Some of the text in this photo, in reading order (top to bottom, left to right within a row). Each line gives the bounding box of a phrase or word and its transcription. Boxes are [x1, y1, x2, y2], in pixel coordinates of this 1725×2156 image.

****

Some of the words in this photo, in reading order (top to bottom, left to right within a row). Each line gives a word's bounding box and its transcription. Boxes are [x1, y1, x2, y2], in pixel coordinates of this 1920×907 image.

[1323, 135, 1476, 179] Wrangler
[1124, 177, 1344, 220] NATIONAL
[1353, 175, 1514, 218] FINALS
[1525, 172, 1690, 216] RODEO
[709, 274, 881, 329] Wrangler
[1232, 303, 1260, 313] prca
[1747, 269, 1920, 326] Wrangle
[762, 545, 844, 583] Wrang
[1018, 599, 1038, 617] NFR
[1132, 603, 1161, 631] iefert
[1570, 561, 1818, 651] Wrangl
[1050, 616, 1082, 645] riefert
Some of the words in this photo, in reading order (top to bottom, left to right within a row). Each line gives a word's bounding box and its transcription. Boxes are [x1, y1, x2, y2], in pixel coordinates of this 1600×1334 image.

****

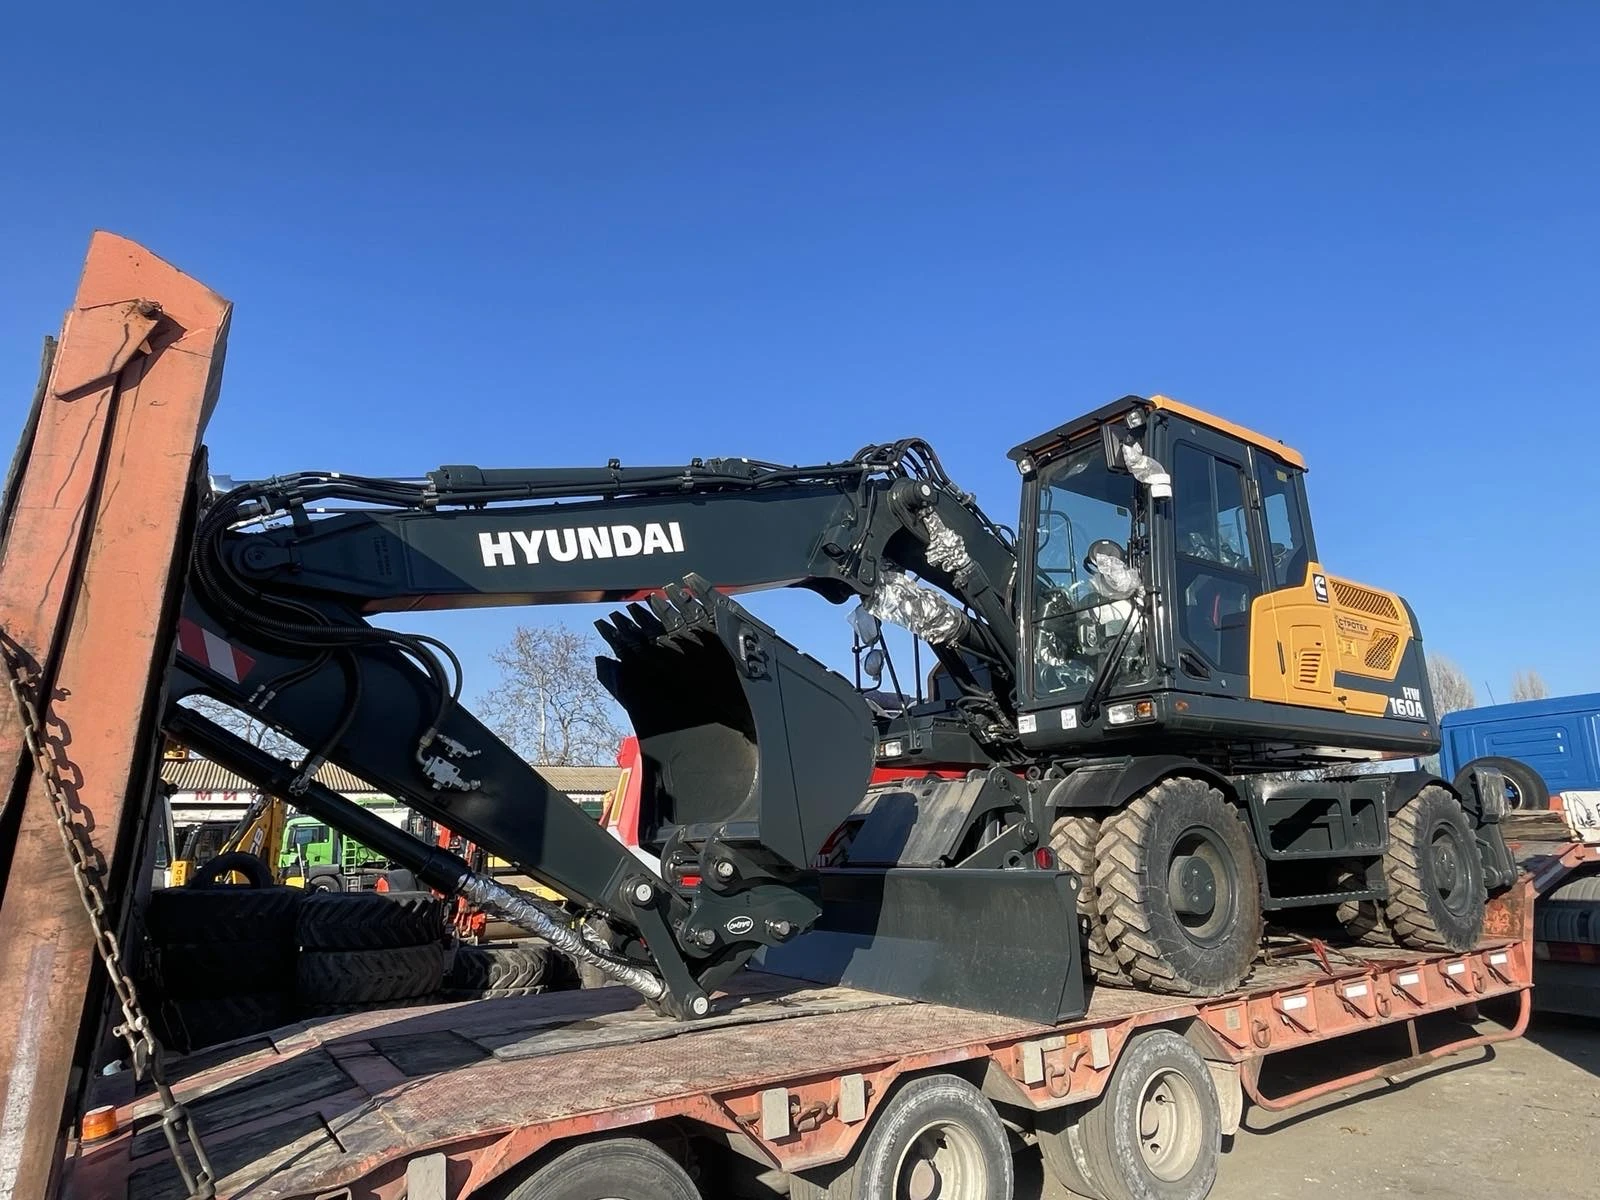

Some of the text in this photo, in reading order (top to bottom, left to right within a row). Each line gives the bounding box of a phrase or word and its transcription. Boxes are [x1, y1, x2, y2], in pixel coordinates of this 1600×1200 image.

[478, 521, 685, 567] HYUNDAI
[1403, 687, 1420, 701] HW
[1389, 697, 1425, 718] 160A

****

* [Exercise directions]: In the entries above, find the line with "this 1920×907 image." and the line with "this 1600×1334 image.", then restate word for word both of them and every line between, with nothing more.

* [Answer]:
Some of the words in this photo, in reading order (top to bottom, left to right within a row). Each line gives a word's bounding box and its transcription. Boxes are [x1, y1, x2, y2], in pixel coordinates of this 1920×907 image.

[1323, 135, 1476, 179] Wrangler
[1124, 177, 1344, 220] NATIONAL
[1353, 175, 1514, 218] FINALS
[1525, 172, 1690, 216] RODEO
[709, 274, 881, 329] Wrangler
[1232, 303, 1260, 313] prca
[1747, 269, 1920, 326] Wrangle
[762, 545, 844, 583] Wrang
[1018, 599, 1038, 617] NFR
[1132, 603, 1161, 631] iefert
[1570, 561, 1818, 651] Wrangl
[1050, 616, 1082, 645] riefert
Some of the words in this photo, in reading order (top to bottom, left to right within a row). Each line gives a word's bounding box and its transcription. Boxes are [x1, y1, x2, y2], in pixel coordinates of this 1600×1334 image.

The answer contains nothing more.